**Problem requirements**
Skip every picture and copy only the lines from the one containing "this 1280×1281 image." to the final line of the records below.

**Dataset entries**
==================================================

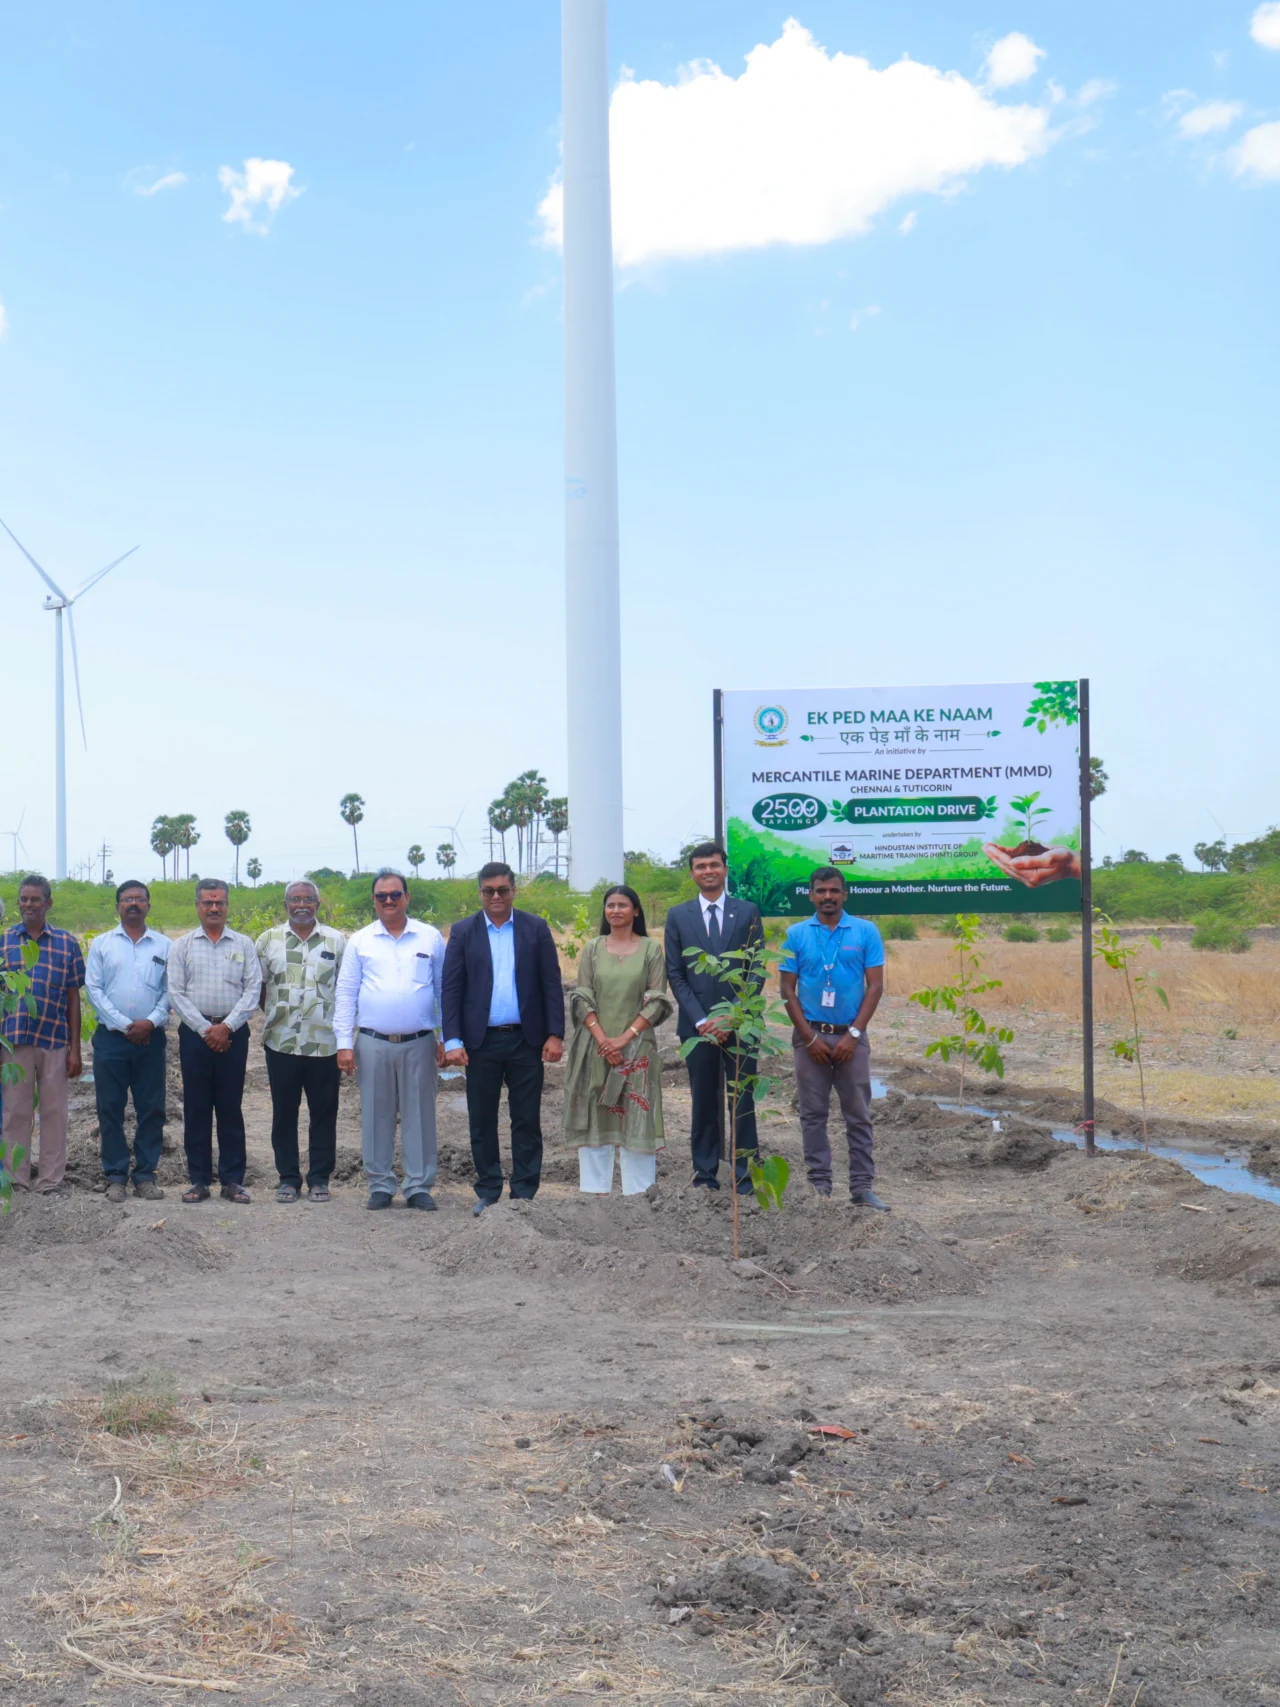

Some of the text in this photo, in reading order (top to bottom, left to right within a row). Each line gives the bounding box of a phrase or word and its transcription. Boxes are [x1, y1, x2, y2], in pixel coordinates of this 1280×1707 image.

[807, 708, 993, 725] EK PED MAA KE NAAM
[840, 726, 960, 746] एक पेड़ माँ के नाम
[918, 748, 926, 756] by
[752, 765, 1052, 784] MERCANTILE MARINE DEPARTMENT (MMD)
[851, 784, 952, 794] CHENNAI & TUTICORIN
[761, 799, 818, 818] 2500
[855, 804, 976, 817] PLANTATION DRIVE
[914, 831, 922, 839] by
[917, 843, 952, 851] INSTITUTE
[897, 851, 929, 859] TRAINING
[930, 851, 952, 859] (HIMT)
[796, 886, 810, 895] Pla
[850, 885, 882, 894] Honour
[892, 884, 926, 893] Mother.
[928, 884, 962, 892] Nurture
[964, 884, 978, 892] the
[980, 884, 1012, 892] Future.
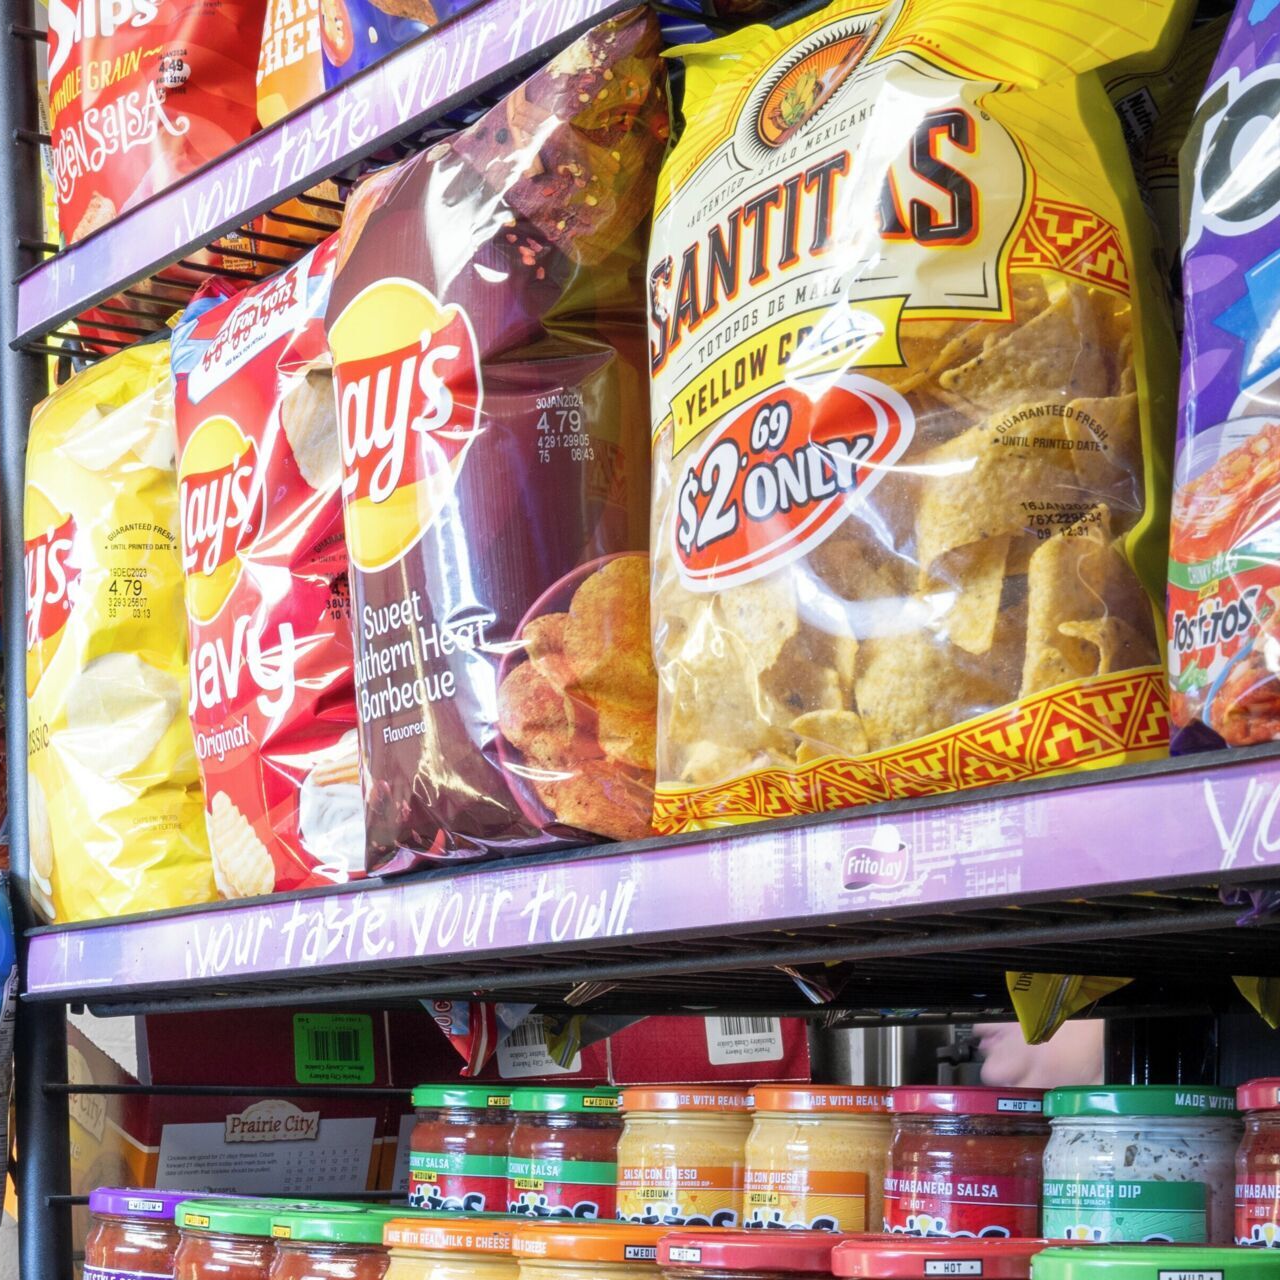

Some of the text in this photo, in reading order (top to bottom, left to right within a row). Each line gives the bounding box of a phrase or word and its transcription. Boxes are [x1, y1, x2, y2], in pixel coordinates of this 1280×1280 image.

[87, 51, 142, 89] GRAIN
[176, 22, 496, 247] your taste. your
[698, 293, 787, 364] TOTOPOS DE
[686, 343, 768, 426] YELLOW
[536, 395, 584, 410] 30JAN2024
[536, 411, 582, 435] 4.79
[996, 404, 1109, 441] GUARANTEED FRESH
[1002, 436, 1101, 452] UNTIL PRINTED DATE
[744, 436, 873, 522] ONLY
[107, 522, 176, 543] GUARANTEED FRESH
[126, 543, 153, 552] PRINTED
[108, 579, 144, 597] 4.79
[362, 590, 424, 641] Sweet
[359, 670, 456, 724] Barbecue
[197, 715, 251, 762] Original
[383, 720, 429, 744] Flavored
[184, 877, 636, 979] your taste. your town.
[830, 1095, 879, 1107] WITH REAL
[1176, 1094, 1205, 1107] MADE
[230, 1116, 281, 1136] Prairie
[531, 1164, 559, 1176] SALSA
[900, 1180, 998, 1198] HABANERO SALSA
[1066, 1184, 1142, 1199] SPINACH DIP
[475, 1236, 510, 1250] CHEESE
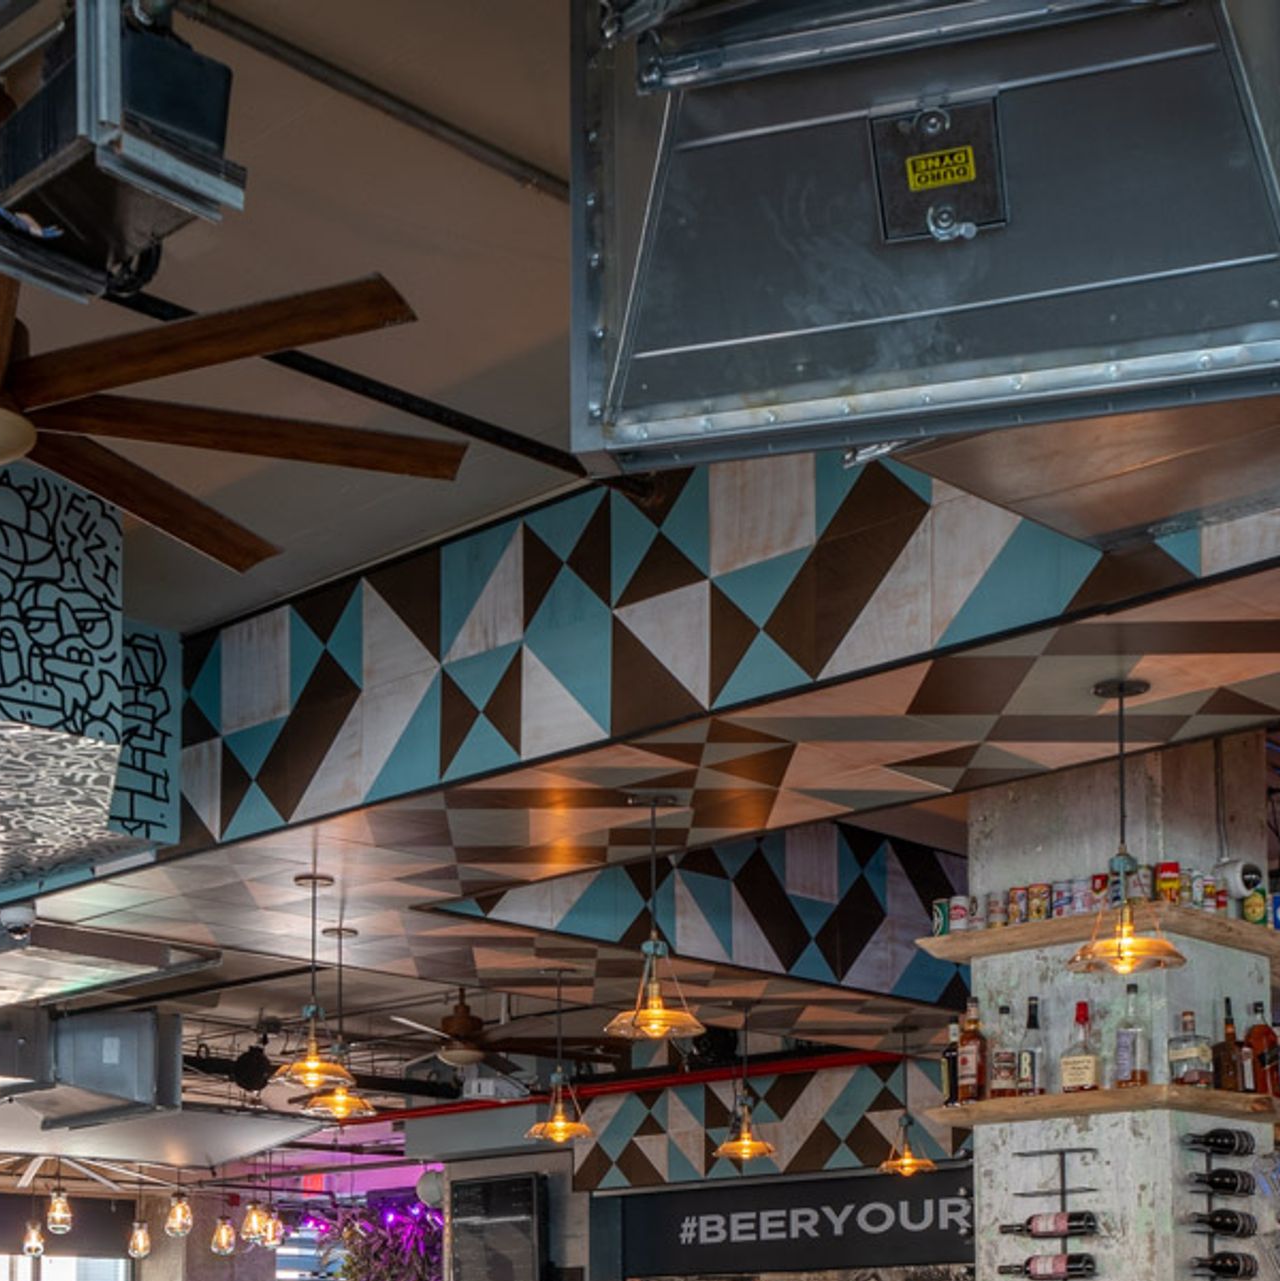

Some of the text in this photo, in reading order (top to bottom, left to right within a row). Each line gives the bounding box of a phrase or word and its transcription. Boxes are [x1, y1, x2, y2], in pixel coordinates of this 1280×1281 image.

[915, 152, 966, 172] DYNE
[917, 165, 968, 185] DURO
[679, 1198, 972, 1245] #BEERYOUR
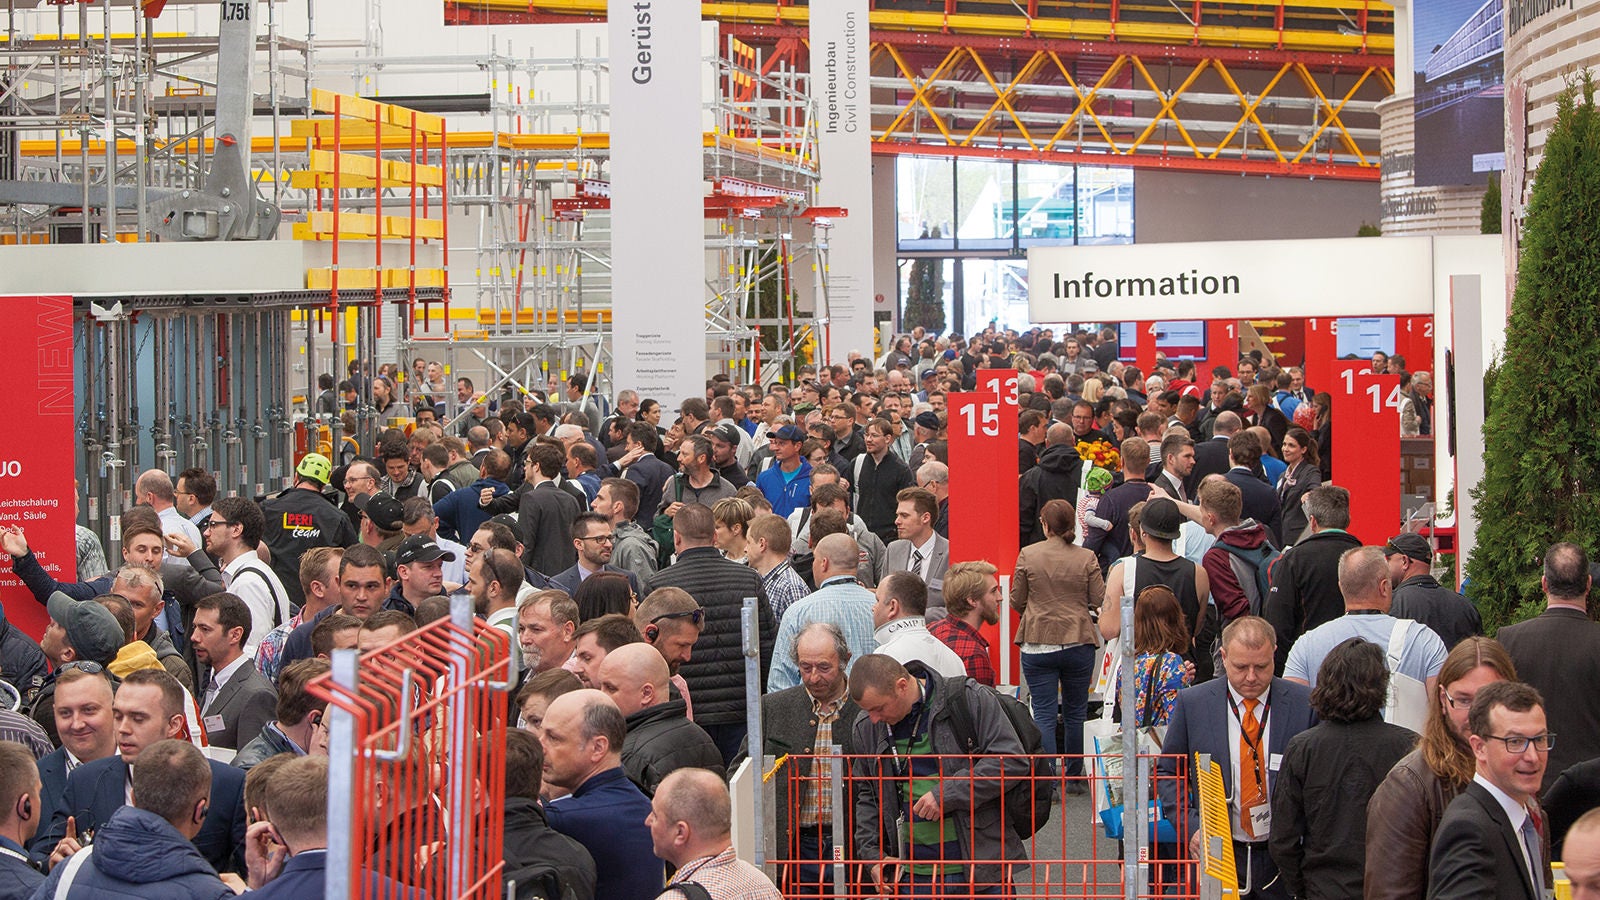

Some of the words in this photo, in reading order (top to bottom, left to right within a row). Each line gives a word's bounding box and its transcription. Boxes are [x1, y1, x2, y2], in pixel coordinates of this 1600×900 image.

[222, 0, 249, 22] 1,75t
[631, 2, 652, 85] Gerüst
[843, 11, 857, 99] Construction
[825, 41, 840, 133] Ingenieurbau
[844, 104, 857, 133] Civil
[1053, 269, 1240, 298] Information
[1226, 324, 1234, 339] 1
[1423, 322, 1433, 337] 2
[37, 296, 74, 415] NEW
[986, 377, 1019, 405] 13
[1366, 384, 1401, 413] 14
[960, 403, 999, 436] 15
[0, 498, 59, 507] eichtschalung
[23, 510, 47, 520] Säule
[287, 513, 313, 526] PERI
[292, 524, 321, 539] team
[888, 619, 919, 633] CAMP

==================================================

**Answer**
Some of the text in this photo, in reading order (top to bottom, left to right within a row). Each line gives the bounding box of a phrase or word and its transcription. Boxes are [x1, y1, x2, y2], in pixel coordinates of this 1280×1281 image.

[915, 152, 966, 172] DYNE
[917, 165, 968, 185] DURO
[679, 1198, 972, 1245] #BEERYOUR

Some of the words in this photo, in reading order (top to bottom, left to right within a row). Each line gives a word's bounding box and its transcription. Boxes are [x1, y1, x2, y2], in pixel coordinates of this 1600×900 image.

[222, 0, 249, 22] 1,75t
[631, 2, 652, 85] Gerüst
[843, 11, 857, 99] Construction
[825, 41, 840, 133] Ingenieurbau
[844, 104, 857, 133] Civil
[1053, 269, 1240, 298] Information
[1226, 324, 1234, 339] 1
[1423, 322, 1433, 337] 2
[37, 296, 74, 415] NEW
[986, 377, 1019, 405] 13
[1366, 384, 1401, 413] 14
[960, 403, 999, 436] 15
[0, 498, 59, 507] eichtschalung
[23, 510, 47, 520] Säule
[287, 513, 313, 526] PERI
[292, 524, 321, 539] team
[888, 619, 919, 633] CAMP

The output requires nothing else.